SEATTLE – Microsoft announced Tuesday that it plans to pay out as much as $75 billion of its cash hoard directly to shareholders through dividends and stock buybacks over the next four years.
The announcement ends speculation about what the giant software maker planned to do with the billions it has been sitting on.
The company said it will pay a one-time dividend of $3 a share and double its annual dividend to 32 cents a share. Microsoft, which has amassed at least $56 billion in cash, also plans to buy back up to $30 billion of the company’s stock over the next four years.
“We will continue to make major investments across all our businesses and maintain our position as a leading innovator in the industry, but we can now also provide up to $75 billion in total value to shareholders over the next four years,” chief executive Steve Ballmer said.
The one-time dividend is subject to shareholder approval of a plan intended to prevent employees who hold stock options or stock awards from being put at a disadvantage.
The concern is that the stock price will drop on the day of the payout, so the company wants permission to come up with a plan to make up for that loss. If that plan is approved, the special dividend would be paid out Dec. 2 to shareholders of record on Nov. 17.
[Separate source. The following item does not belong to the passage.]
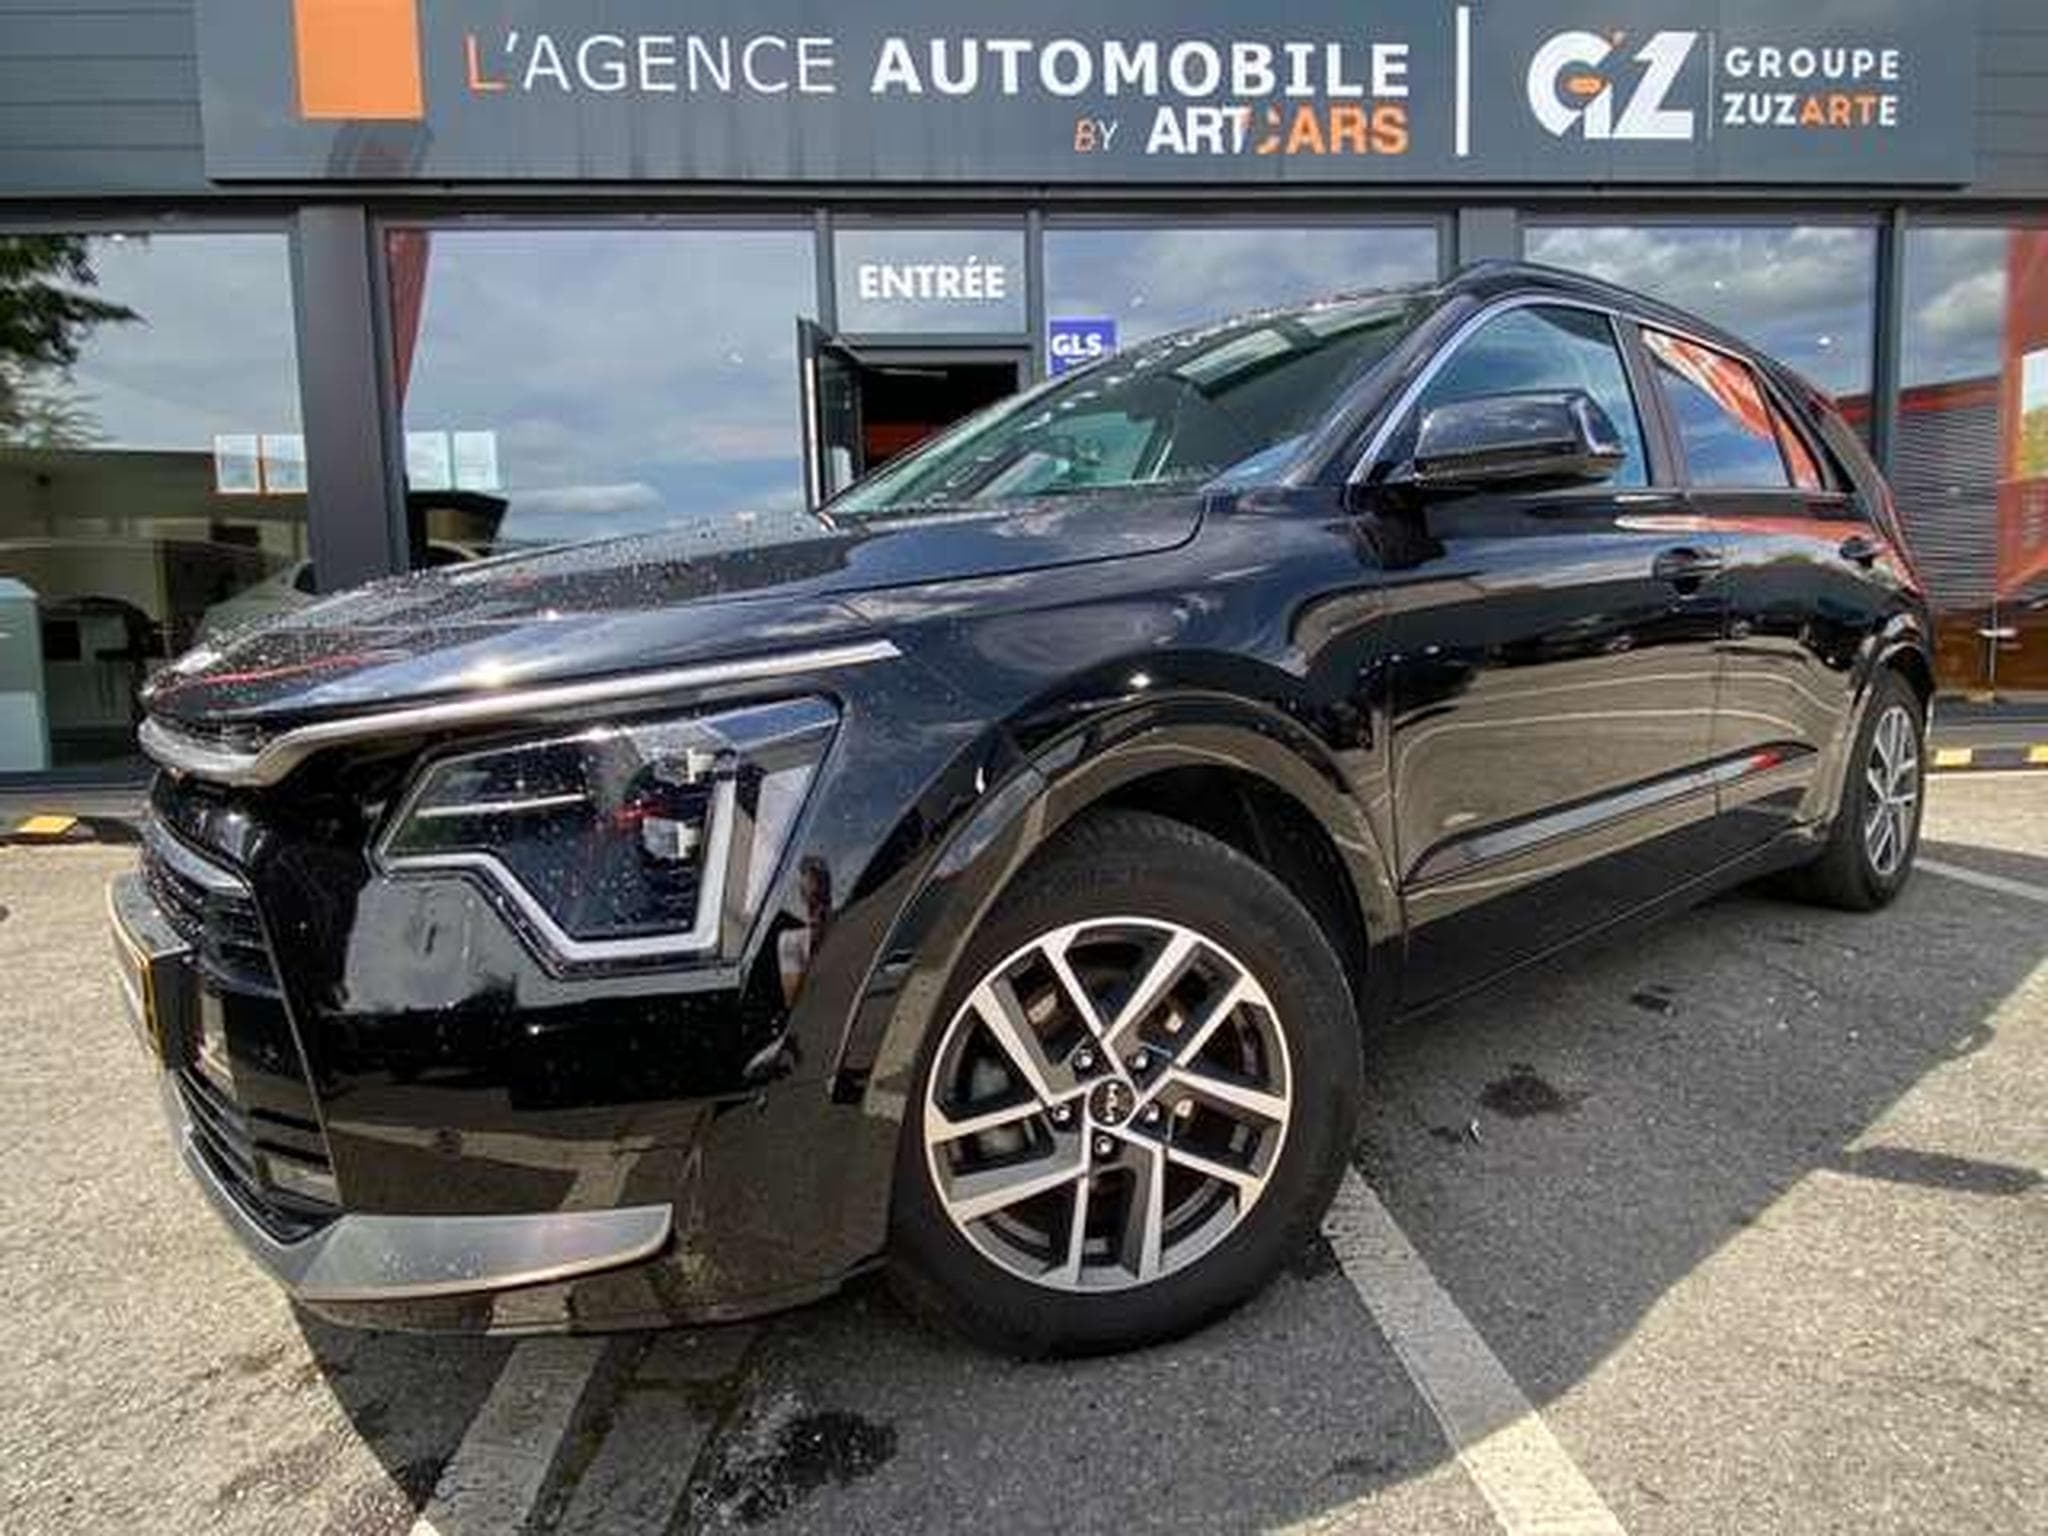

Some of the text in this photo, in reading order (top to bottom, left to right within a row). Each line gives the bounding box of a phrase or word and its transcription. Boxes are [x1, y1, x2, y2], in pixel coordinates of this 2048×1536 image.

Curt Anderson, Microsoft’s senior director of investor relations, said the company had not yet worked out details of how the massive cash buyback would work, or the exact timing.
Microsoft had previously been hesitant to spend the billions it has been amassing because of fears the money would be needed for legal disputes. But the company said Tuesday that the vast majority of its legal problems appear to be behind it.
Microsoft has settled many of its private antitrust claims, and it cleared its most significant U.S. legal hurdle when a federal appeals court unanimously approved an antitrust settlement the company negotiated with the Bush administration. It is still engaged in an antitrust battle with the European Union.
Microsoft announced plans for its cash reserves after the close of markets. In after-hours trading shares surged nearly 6 percent to $29.91.